Last week I mentioned how strange it is that some self-declared environmentalists need to be convinced that science and technology offer some of the best hope for lessening our impact on the “natural world”. This should not be a controversial subject since humans are known as the “tool-maker” species on the planet. We have always used our brains and creative talent to improve our lot in life and to clean up some of the messes we have left behind. There is a danger in our technology getting to powerful and out of control, but it is a chance we should take, in my opinion, because the benefits are also quite great.
Currently, one of the least controversial technologies is computing. Everyone uses it. It makes our lives better. The impact on the environment is probably less than many other “things” we use, although it is not negligible because computing and moving data does take some energy. It should be a no-brainer to turn computation loose on some of our most pressing environmental concerns and the National Research Council agrees – stating that computing advances are vital. Entrepreneur Bill Gross also agrees, pointing to how the decreasing cost of computing will assist in the adoption of more expensive alternative energy.

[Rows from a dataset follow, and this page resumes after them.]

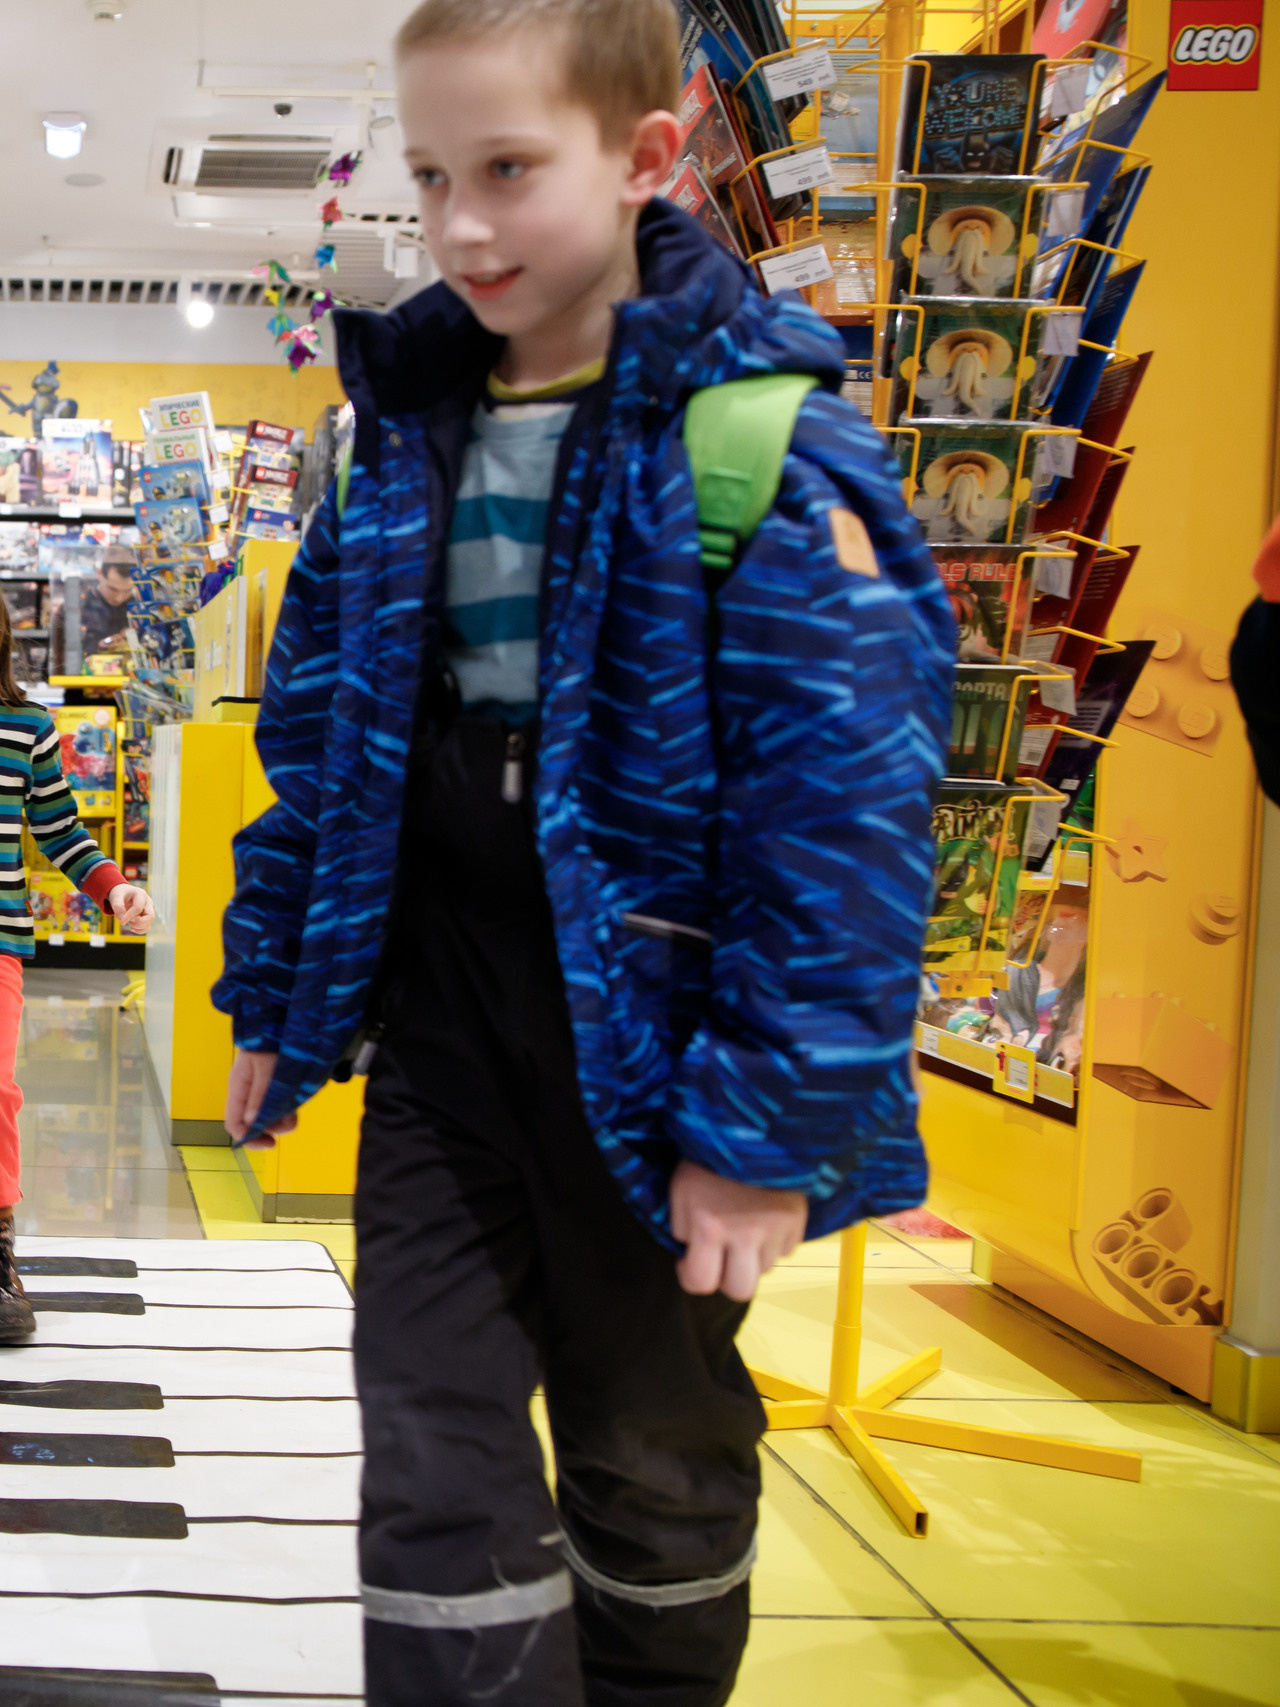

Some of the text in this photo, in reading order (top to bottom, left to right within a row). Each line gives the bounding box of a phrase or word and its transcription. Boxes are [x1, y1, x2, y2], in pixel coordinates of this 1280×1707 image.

[1173, 26, 1257, 63] LEGO
[797, 78, 813, 88] 549
[160, 408, 202, 428] LEGO
[154, 442, 197, 460] LEGO
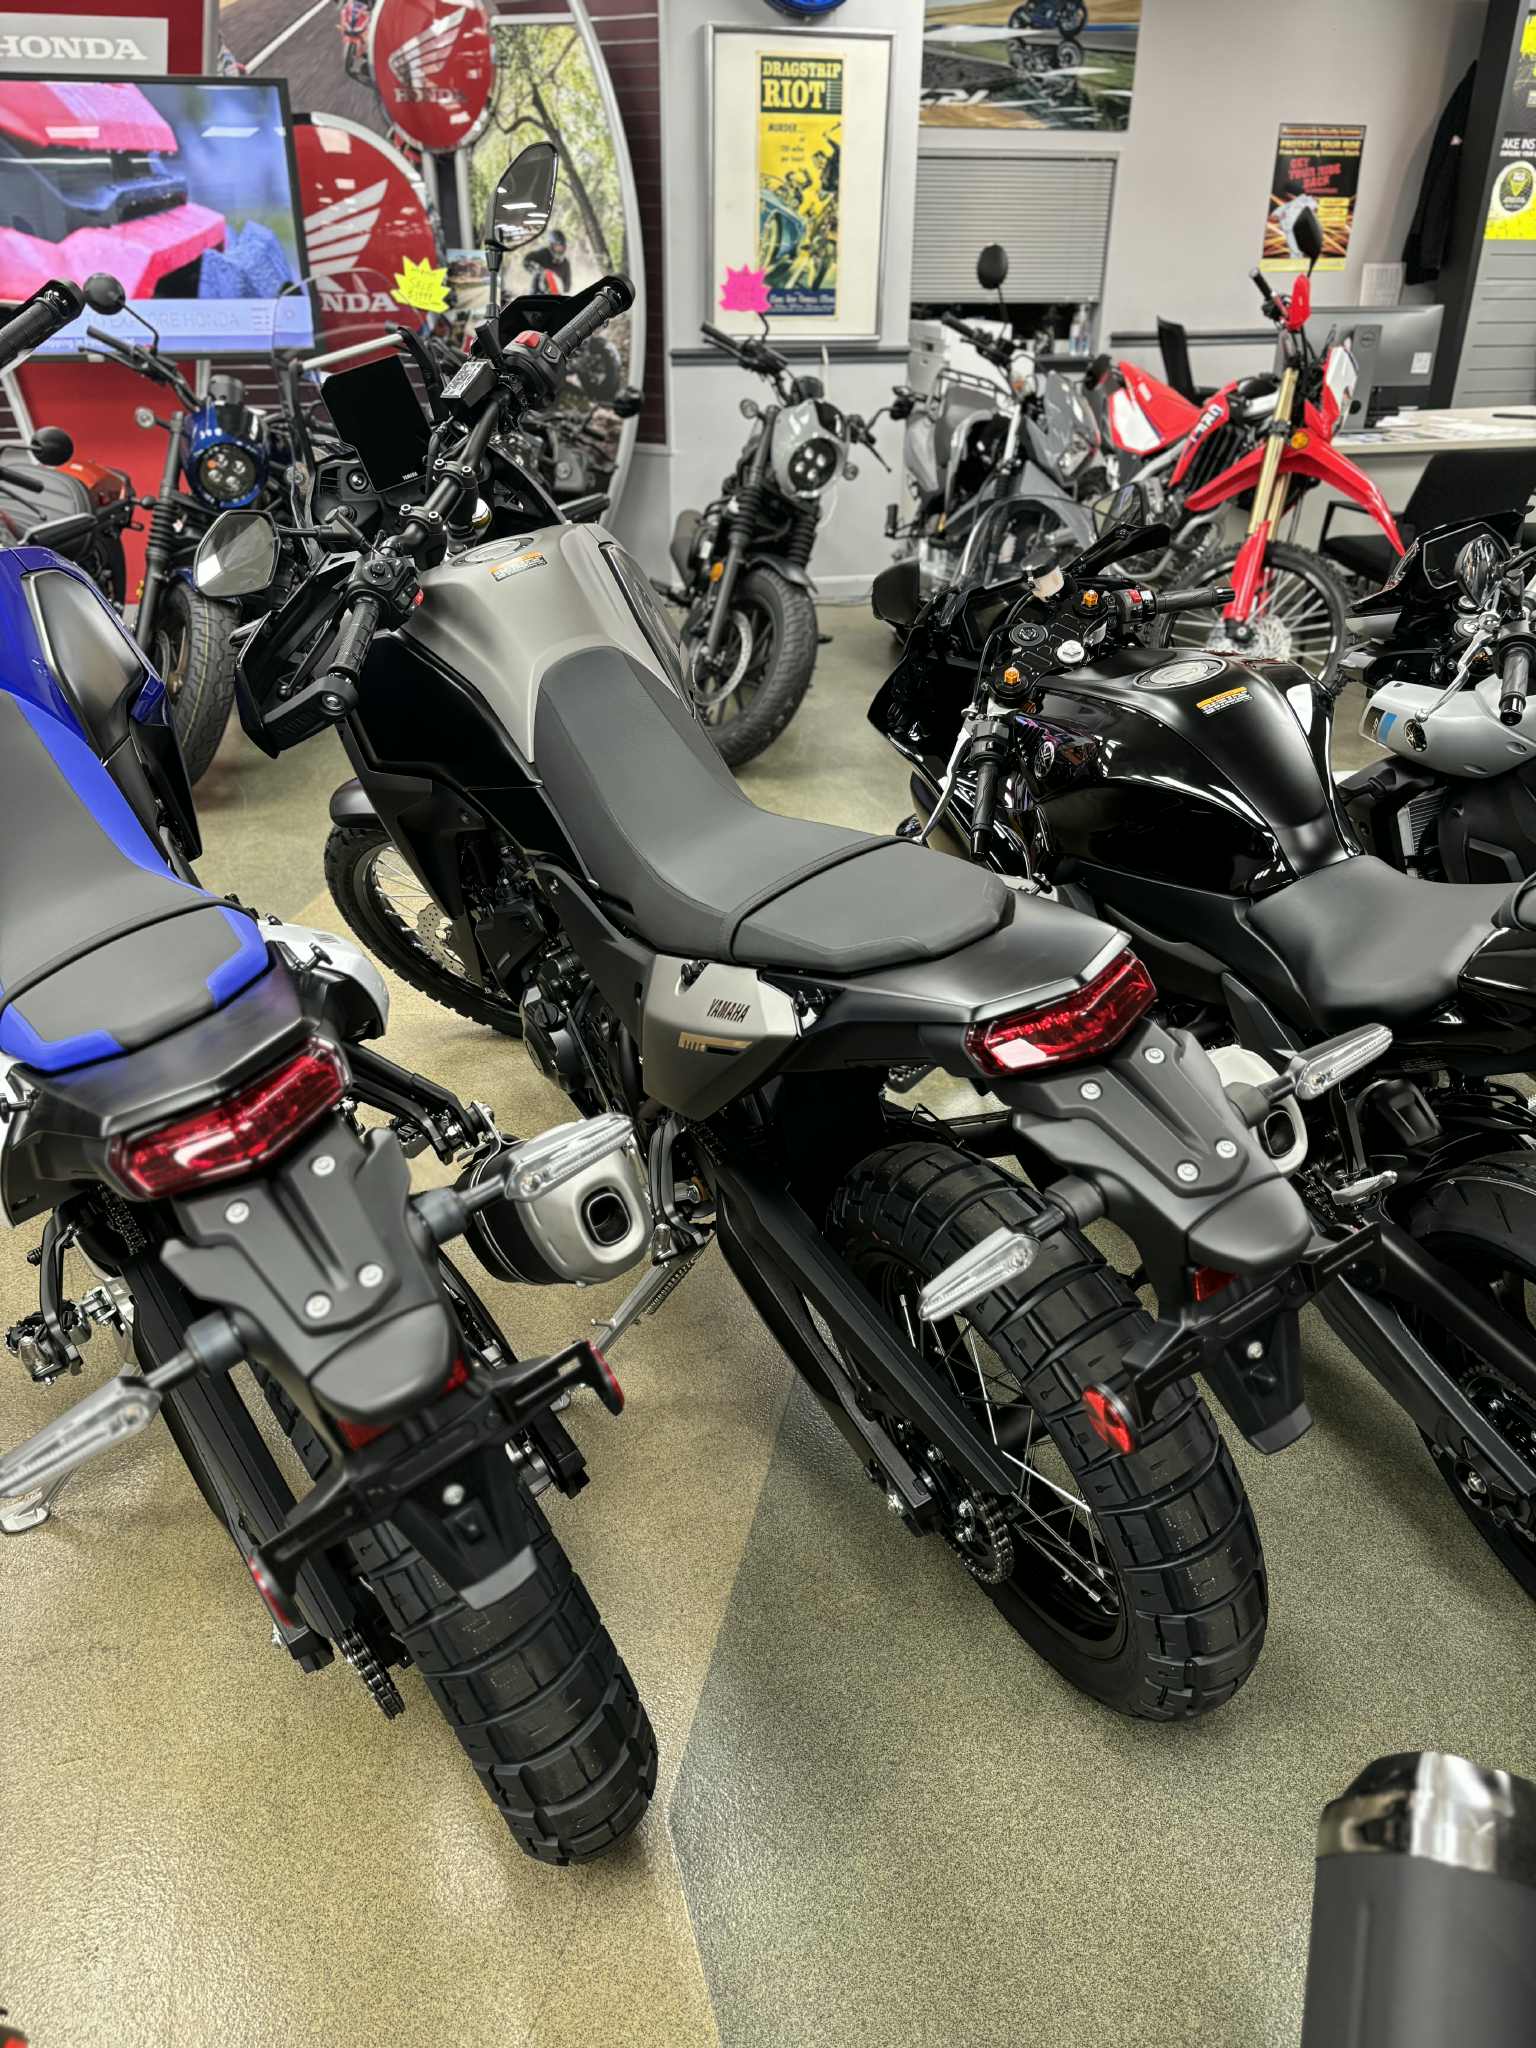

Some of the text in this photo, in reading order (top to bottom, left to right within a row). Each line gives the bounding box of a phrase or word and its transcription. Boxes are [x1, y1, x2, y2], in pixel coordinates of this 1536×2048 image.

One would think that even bigger computational power at our disposal would in the near future would be even better, and it would be, but we cannot forget the power-usage aspect of computers and data. That is the point from a recent Intel conference on super computing. They are projecting that an exascale super computer will be built by the year 2018. The main impediment to such a development is power consumption. If current computer technology was used to create an exascale super-computer, they would have to build a nuclear power plant right next to it in order to make sure it had enough power. The challenge is to keep the power requirement under 20 MW (yes, that is megawatts!). This is still a lot of energy, but it would be manageable.
Thusly, it is a good thing that computer components such as chips and transistors ontinue to see gradual improvement in power and performace metrics. One potential dramatic breakthrough could come from emitter-coupled spin-transistor logic which has the potential to be 1 million times more power efficient at high computing speeds than traditional computer circuitry.
One company that you would think to be well positioned to leverage computing power toward alternative energy solutions would be Google. After all, they do have their campus in Mountain View littered with solar panels. The idea of transforming the energy landscape was not lost on Google and they tried their best to create their own alternative energy division/project but unfortunately it didn’t quite pan out. I am still heartened to read that they spend around a billion dollars a year on alternative energy for their operations. I hate to say it, but that is a lot better than Apple, a company that has plenty of money to spare for alternative energy.
Have a fine Friday! Meteorologist Justin Loew.